There ain’t no cure for the summertime blues, but there are ways to treat—and prevent—summer’s worst ailments.
Teresa Amato, MD, director of emergency medicine at Long Island Jewish Forest Hills lists six of the most common reasons for summertime emergency room visits and how you can prevent them.
“High heat, high humidity days are dangerous because our mechanism to cool off, which is sweating, is decreased,” Amato said.

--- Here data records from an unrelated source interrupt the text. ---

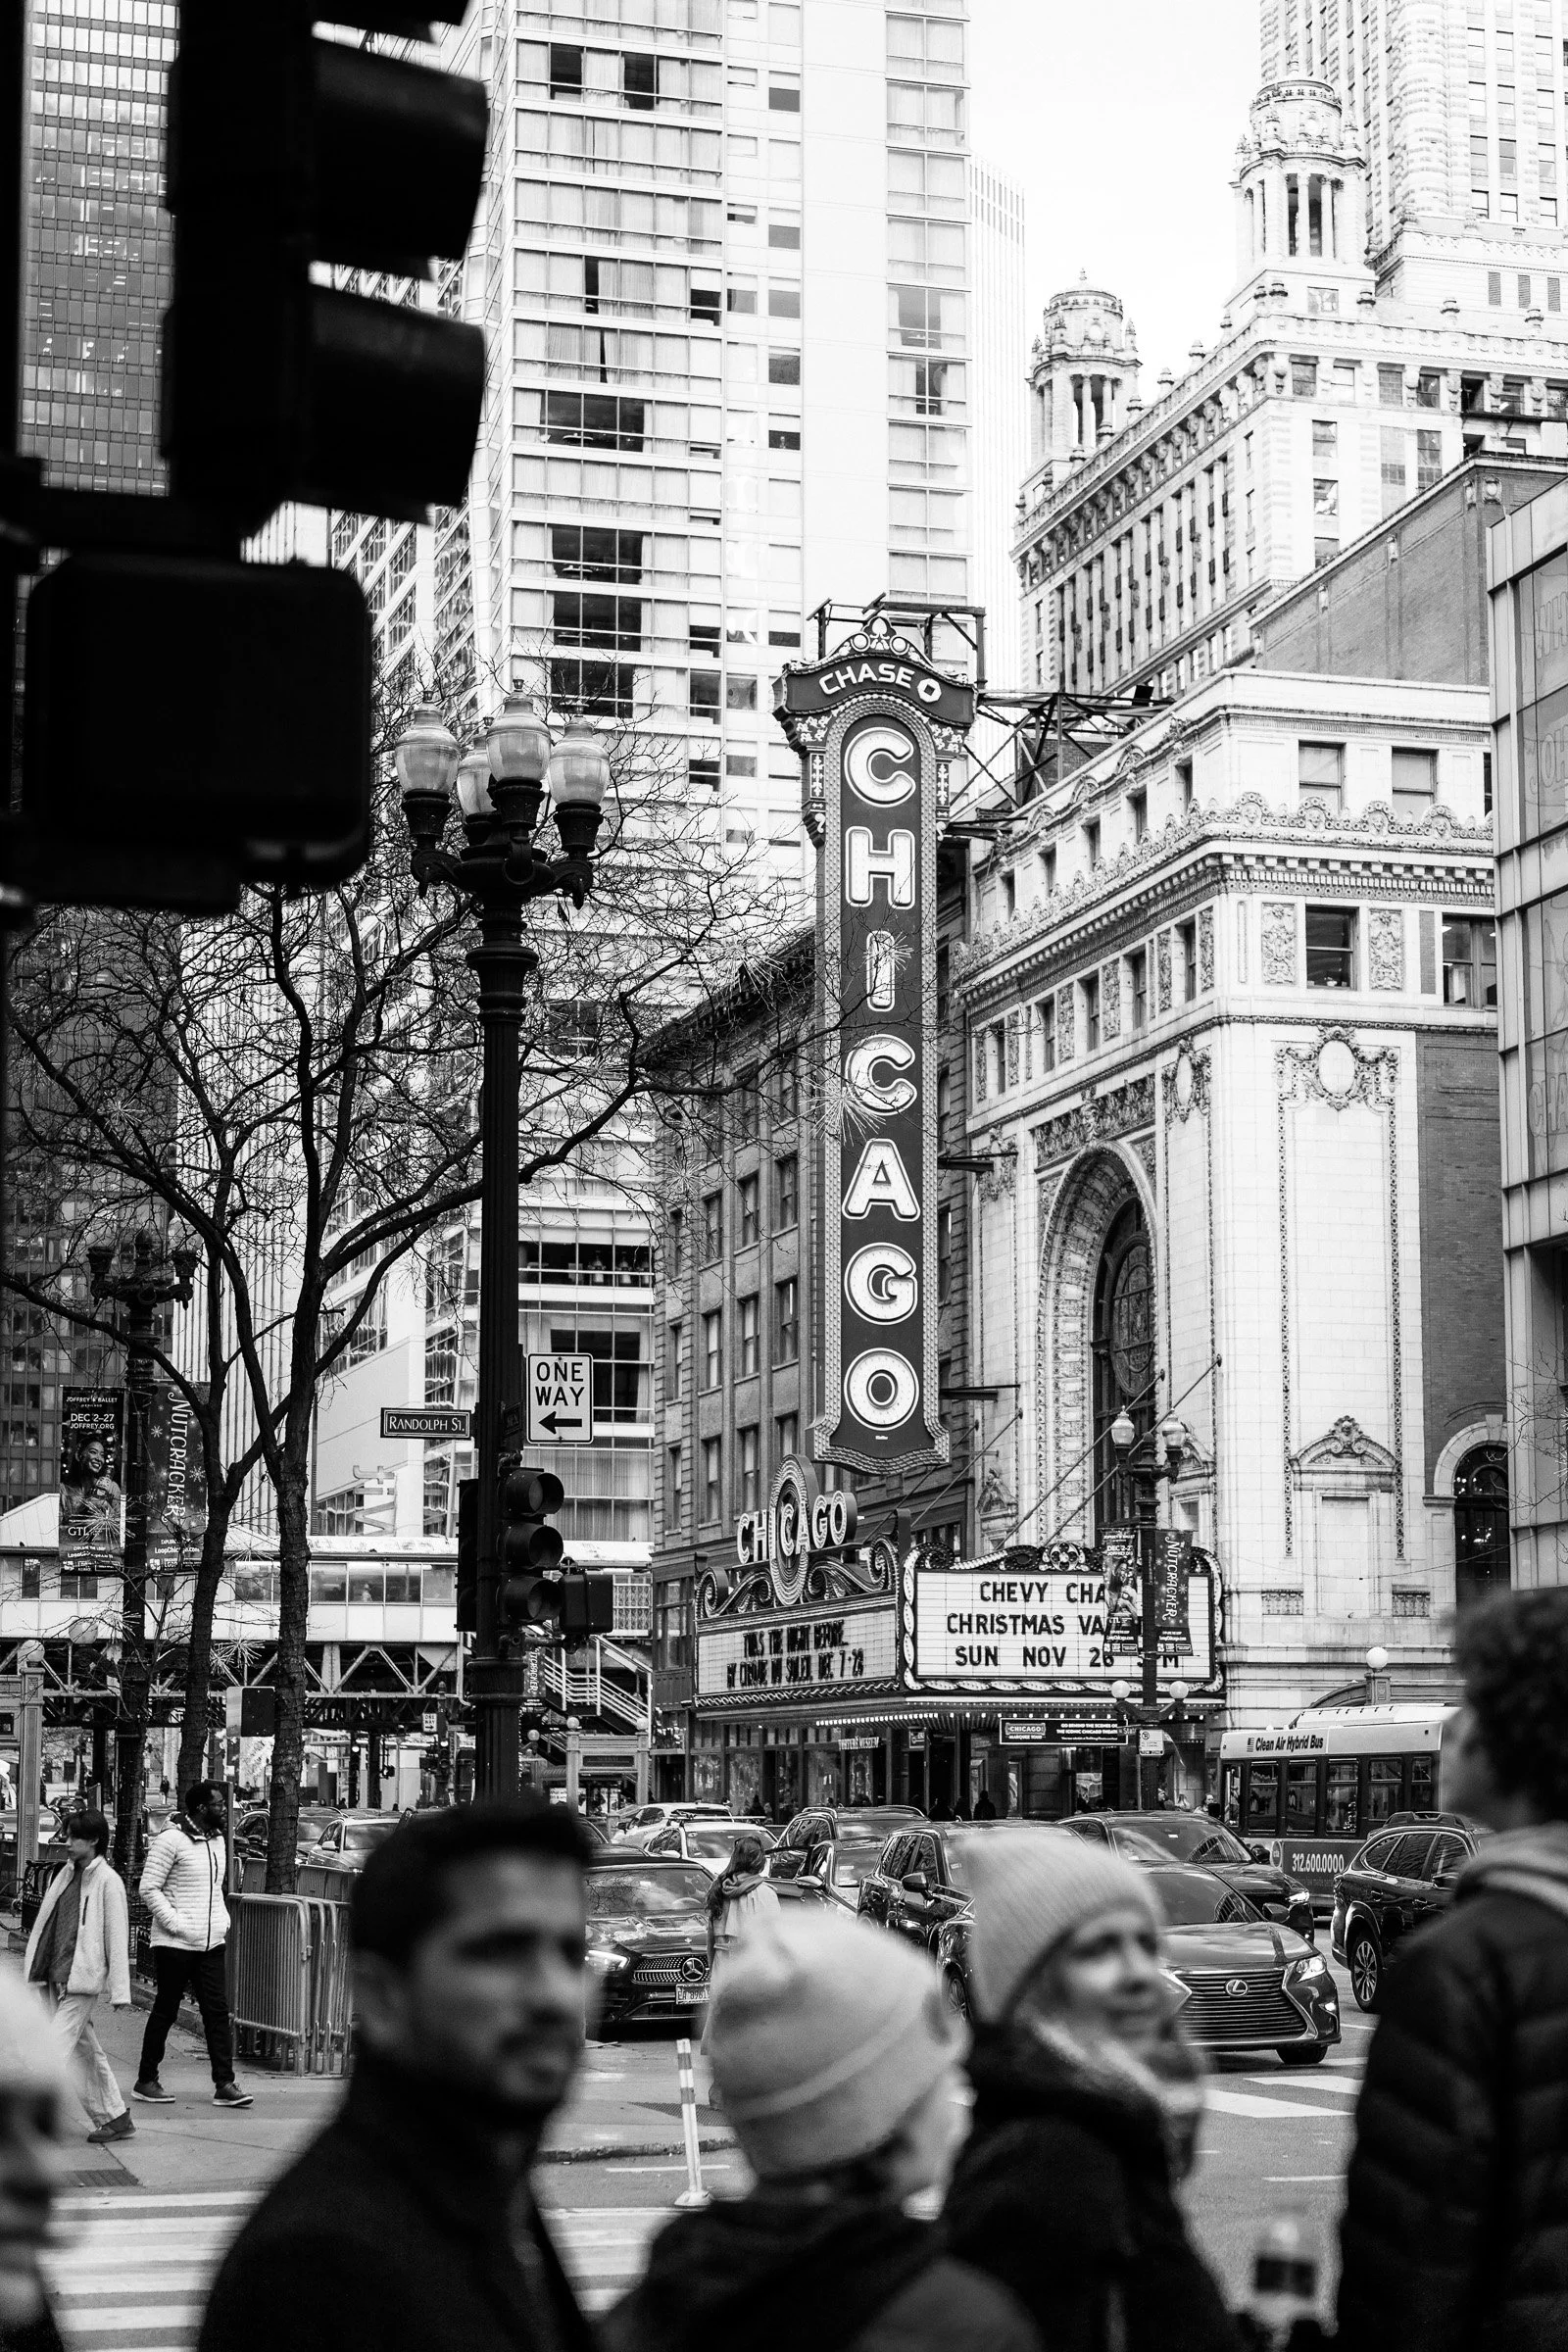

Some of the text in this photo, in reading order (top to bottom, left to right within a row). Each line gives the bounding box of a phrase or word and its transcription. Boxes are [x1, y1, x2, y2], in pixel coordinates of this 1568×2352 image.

[819, 662, 915, 697] CHASE
[842, 726, 921, 1432] CHICAGO
[536, 1361, 584, 1383] ONE
[535, 1386, 585, 1407] WAY
[71, 1413, 91, 1422] DEC
[389, 1415, 448, 1432] RANDOLPH
[162, 1392, 194, 1523] NUTCRACKER
[737, 1490, 848, 1564] CHICAGO
[1162, 1536, 1182, 1621] NUTCRACKER
[980, 1581, 1049, 1602] CHEVY
[947, 1613, 1065, 1636] CHRISTMAS
[955, 1644, 999, 1667] SUN
[1022, 1645, 1067, 1667] NOV
[1255, 1735, 1324, 1752] Clean Air Hybrid Bus
[1292, 1853, 1345, 1874] 312.600.0000
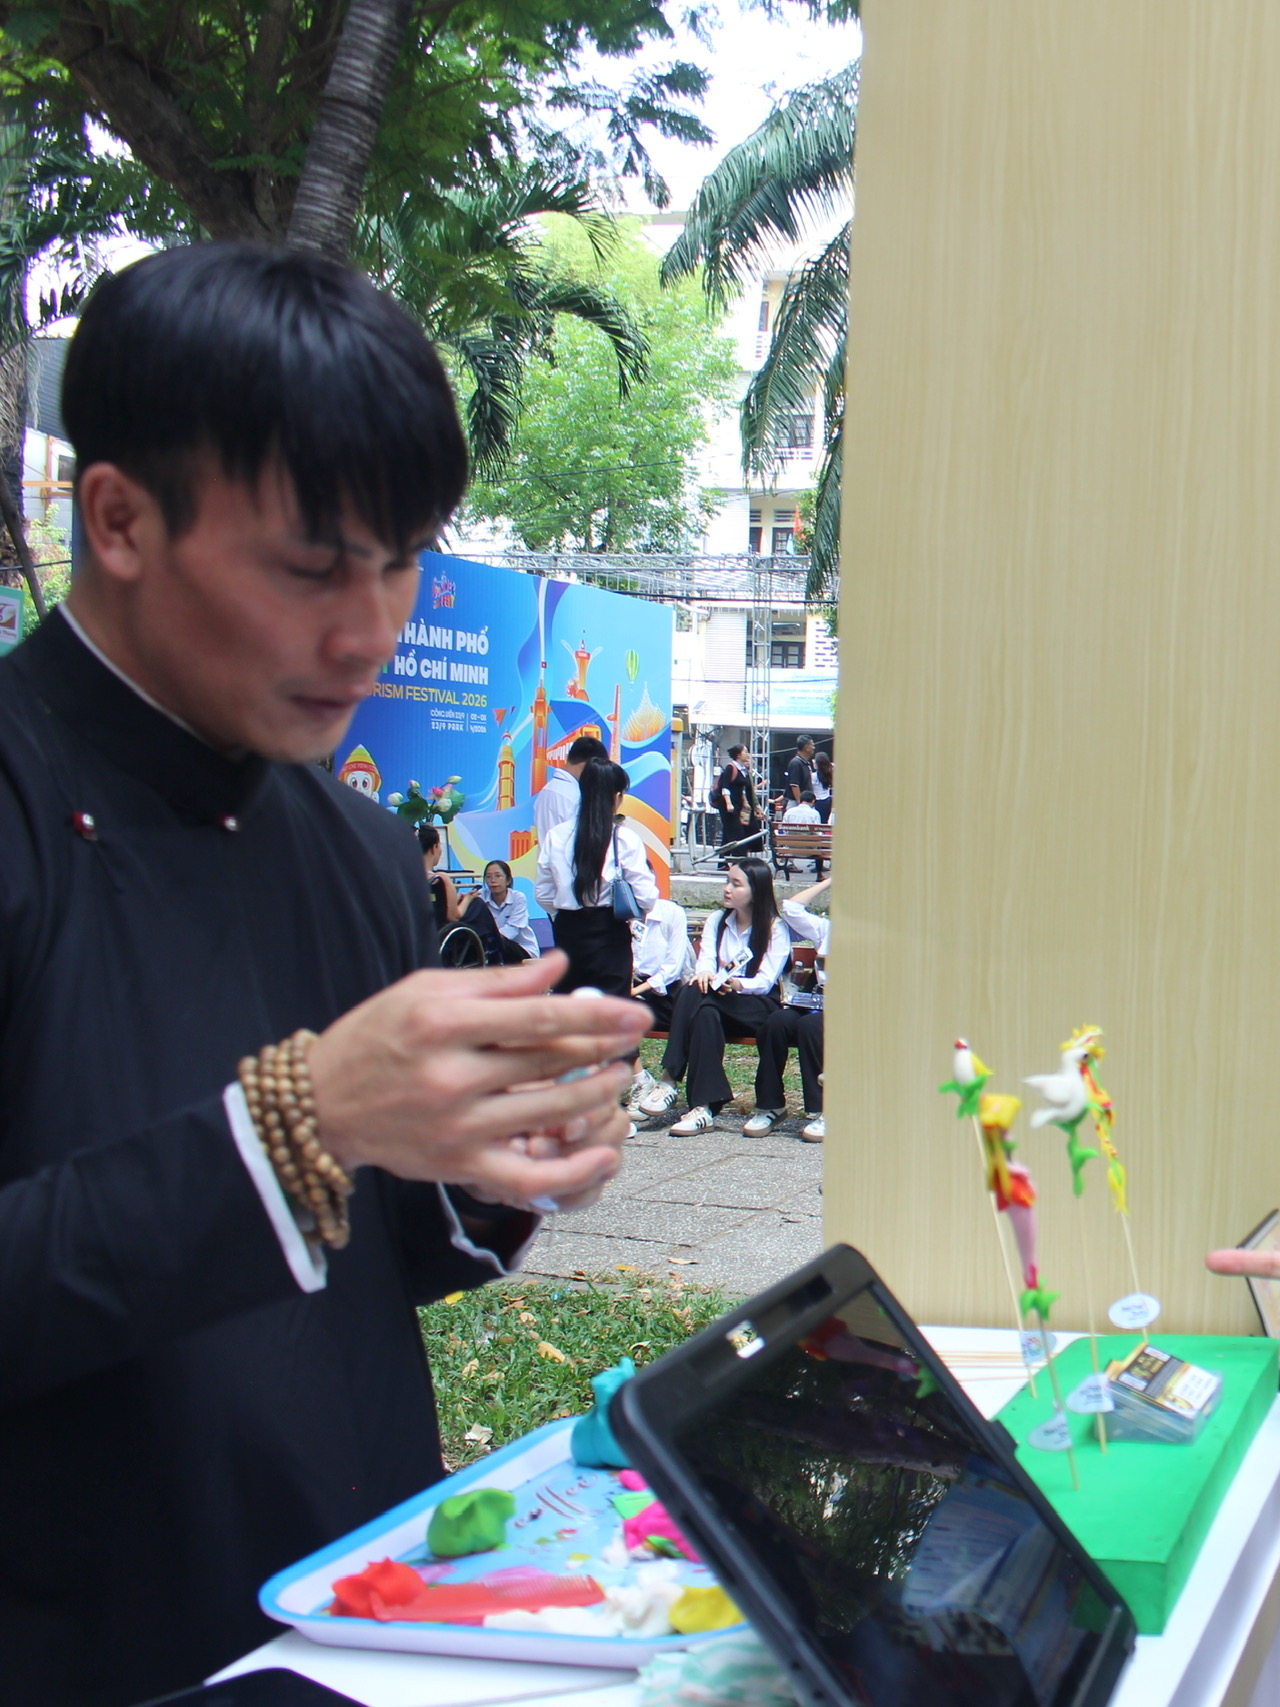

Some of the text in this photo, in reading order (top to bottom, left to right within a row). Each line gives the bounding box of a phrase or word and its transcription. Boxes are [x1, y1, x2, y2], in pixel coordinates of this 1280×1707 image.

[397, 618, 489, 655] HÀNH PHỐ
[394, 649, 418, 677] HỒ
[420, 656, 447, 680] CHÍ
[450, 662, 489, 685] MINH
[366, 682, 487, 707] RISM FESTIVAL 2026
[447, 722, 464, 731] PARK

When the forecast offers up this double threat, it’s time to cut back on the amount of time that you’re outside, especially during the late morning to afternoon. You also need to decrease the exercise intensity on those days. And if you’re working outdoors, make sure that you’re replenishing what you’re losing with sweat with an appropriate fluid intake.
Exposure to high heat for a prolonged period of time can cause heat cramps, heat exhaustion and heat stroke. These heat-related illnesses vary in severity from mild complications to a life-threatening condition.
“Heat cramps usually occur because you’ve been exercising, you’ve been sweating, and you’ve lost salt and some other minerals.
Because of that loss of electrolytes you start getting some muscle cramps,” Amato said. “While painful, these brief and painful muscle spasms usually go away on their own.”
Heat exhaustion is more severe than heat cramps. It occurs in conditions of extreme heat and excessive sweating without adequate fluid and salt replacement.
“At this point, your body is still able to cool itself off but you don’t feel well,” said Amato.
Signs of heat exhaustion include muscle cramps; pale, moist skin; dizziness or lightheadedness; headaches; and nausea.
“When you get to something called heat stroke, that’s very dangerous,” Amato said. “What happens with heat stroke is you’ve lost the ability to cool yourself off.”
Signs of heat stroke include rise in body temperature; warm, dry skin; change in mental status; rapid heart rate; nausea; vomiting; and stupor.
This is considered a life-threatening medical emergency and requires the person to be taken to an emergency department.
Those especially at risk for heat-related emergencies include babies, the elderly and people who are overweight, have a chronic illness such as diabetes, heart disease and cancer, or take anti-psychotic medications.
Sunburns can be painful, cause nausea, dizziness, dehydration and fainting. At their worst, sunburns can cause blistering and lead to infections.
“Once you get blisters, that’s considered a second-degree burn,” said Amato. “If you have blisters over more than 50 percent of your body, you should come to the ED to be checked out because you may require IV fluids.”
Avoid outdoor activities between 10 a.m. to 4 p.m. since that’s when the sun’s ultra-violet rays are strongest. Also, use sunscreen, especially on the areas that are most vulnerable like the tip of your nose, top of your ears and scalp.
“During hot days, you have to be very careful about what food your eating, especially if it’s been sitting outside for a long period of time,” said Amato.
The heat can cause bacteria to build up on foods with mayonnaise, such as potato salad, egg salad, tuna salad. This can sicken you within an hour after eating, causing nausea, vomiting and diarrhea.
Most people who have food poisoning just need to rest and drink plenty of fluids. However, if you’re having difficulty keeping fluids down, feeling fatigued and dehydrated, you need to be seen in the ED for intravenous fluids and management of nausea and vomiting.
“As an emergency physician, I am completely against all fireworks, even benign ones like sparklers,” said Amato. “I have seen people who have burns to their face and hair from sparklers, severe eye injuries from putting their face close to the firecracker.
Although they’re fun and beautiful, they’re best left to the professionals.”
While most bug bites and stings don’t require a trip to the ED, some do—especially if you have an undiagnosed allergy to particular bug venom or if that bug is a disease carrier.
If you experience swelling of the throat, chest pain, a persistent racing heartbeat, dizziness or vomiting, head to the ED.